To better study cancer vaccines, aid cancer vaccine design and identify underlying cancer vaccine mechanisms, we developed CanVaxKB (https://violinet.org/canvaxkb), the first open data resource for a cancer vaccine knowledgebase. CanVaxKB is developed as an independent program under the umbrella of the Vaccine Information Online and Investigation Network (VIOLIN) vaccine database and analysis system (https://violinet.org) (18,19) in 2013. VIOLIN itself was founded in 2008 to serve as a primary knowledgebase and repository for all vaccines. CanVaxKB currently has data on 674 cancer vaccines for treatment or prevention that have been experimentally verified to be effective and/or are under clinical trials. CanVaxKB also stores hundreds of genes and proteins, which have been targeted specifically by cancer vaccines, which we have collectively termed ‘canvaxgens’. We hope that CanVaxKB will help researchers and physicians collaborate to understand cancer mechanisms better.
Materials and methods
CanVaxKB system and database design
The CanVaxKB system was built on two HP ProLiant DL380 G6 servers running the Red Hat Enterprise Linux operating system. A three-tier infrastructure was applied: a web user interface (presentation tier) to submit queries and display results, in addition to an application server using PHP/SQL (middle tier) against a MySQL relational database (data tier, database server). CanVaxKB is implemented as a subset of web-based semi-automatic VIOLIN literature mining and curation systems (18,19). This system allows data annotators to annotate and input annotated data to the VIOLIN database easily.

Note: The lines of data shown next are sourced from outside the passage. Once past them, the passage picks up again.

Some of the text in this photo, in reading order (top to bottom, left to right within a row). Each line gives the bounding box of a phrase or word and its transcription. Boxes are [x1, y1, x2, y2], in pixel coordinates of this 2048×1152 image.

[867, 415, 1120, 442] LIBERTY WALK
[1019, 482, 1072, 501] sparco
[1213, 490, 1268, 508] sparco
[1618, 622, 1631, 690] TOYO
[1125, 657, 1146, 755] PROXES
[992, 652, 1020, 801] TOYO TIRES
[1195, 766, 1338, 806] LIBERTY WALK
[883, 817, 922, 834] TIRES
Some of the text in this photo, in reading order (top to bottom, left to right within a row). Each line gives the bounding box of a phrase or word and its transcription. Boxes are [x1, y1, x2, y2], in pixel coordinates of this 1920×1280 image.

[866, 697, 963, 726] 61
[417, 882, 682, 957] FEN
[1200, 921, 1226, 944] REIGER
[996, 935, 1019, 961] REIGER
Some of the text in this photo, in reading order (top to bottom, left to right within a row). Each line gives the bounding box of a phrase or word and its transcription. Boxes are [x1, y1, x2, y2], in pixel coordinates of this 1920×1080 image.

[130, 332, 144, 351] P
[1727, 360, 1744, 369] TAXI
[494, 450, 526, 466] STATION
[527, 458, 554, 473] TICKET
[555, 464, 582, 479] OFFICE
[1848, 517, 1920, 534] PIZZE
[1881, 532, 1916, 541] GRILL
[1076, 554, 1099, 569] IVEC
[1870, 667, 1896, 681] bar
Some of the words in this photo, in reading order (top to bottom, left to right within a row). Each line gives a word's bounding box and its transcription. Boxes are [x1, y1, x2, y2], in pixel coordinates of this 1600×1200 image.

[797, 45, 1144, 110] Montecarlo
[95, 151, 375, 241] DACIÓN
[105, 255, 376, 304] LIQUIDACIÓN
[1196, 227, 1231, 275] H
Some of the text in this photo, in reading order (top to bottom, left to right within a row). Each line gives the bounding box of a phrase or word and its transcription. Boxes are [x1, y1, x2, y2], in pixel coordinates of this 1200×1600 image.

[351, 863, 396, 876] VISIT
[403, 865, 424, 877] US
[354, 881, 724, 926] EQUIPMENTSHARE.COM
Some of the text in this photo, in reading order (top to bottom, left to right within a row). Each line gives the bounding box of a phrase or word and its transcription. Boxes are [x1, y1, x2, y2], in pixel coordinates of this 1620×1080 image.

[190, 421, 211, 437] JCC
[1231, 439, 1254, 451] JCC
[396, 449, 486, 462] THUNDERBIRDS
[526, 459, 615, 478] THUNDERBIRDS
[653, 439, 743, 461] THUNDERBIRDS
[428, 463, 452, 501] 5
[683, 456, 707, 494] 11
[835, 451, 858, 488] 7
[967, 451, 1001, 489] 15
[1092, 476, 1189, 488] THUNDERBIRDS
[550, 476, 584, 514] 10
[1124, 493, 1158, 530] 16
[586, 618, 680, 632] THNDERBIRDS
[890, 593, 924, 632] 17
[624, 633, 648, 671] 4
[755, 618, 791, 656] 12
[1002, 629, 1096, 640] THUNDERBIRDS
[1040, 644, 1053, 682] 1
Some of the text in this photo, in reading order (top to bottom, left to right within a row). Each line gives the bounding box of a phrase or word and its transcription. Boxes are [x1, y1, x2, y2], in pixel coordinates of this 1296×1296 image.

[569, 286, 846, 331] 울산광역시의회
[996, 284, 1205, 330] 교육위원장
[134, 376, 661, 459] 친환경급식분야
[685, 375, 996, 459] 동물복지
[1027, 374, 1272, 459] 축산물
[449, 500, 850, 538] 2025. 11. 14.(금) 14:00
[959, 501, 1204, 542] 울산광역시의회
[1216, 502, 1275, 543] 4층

Figure 1 illustrates the workflow of the CanVaxKB database design and implementation, which is similar to many other programs in the VIOLIN databases (18). Specifically, CanVaxKB manually collects annotated data from peer-reviewed articles and reliable websites of cancer vaccine clinical trials and federal resources. The genes involved in the cancer vaccines were identified and mapped to the pre-existing National Center for Biotechnology Information (NCBI) gene IDs. For each cancer vaccine, CanVaxKB collects the following information: the cancer vaccine name, Vaccine Ontology (VO) ID (if existent), preparation, vaccine formulation and reference. Detailed vaccine information, including antigen name, vaccine name, vaccine status (i.e. licensed, clinical trial or research), host animal model, vaccination route, protection protocol and efficacy, is also collected. We include additional information on specific components of the vaccine, including modifications of vaccine antigens or vectors. Further information about the vaccine, such as experimentally targeted cancer type, is included as part of the description or host response entries when available. For antigens matched to a gene, gene information is automatically added to the CanVaxKB database by an internal script to retrieve the NCBI gene, protein or nucleotide ID from the NCBI database. For each record, comprehensive citation information is included. The citation information is automatically retrieved from PubMed through an internal script using the PubMed ID (i.e. PMID) (19).
Figure 1.
CanVaxKB web server design. Experimentally verified results of cancer vaccines and their related information such as antigens and host responses are manually annotated from peer-reviewed PubMed publications and stored into the CanVaxKB and VIOLIN databases. VO IDs assigned for vaccines and vaccine components were used for data sharing and data integration in CanVaxKB. An internal program was generated to extract comprehensive citation information using a PMID of a referenced paper. The NCBI IDs for the genes, proteins or nucleotides of protective antigens are identified and used by an internal script to retrieve detailed information (including sequences) about individual protective antigens.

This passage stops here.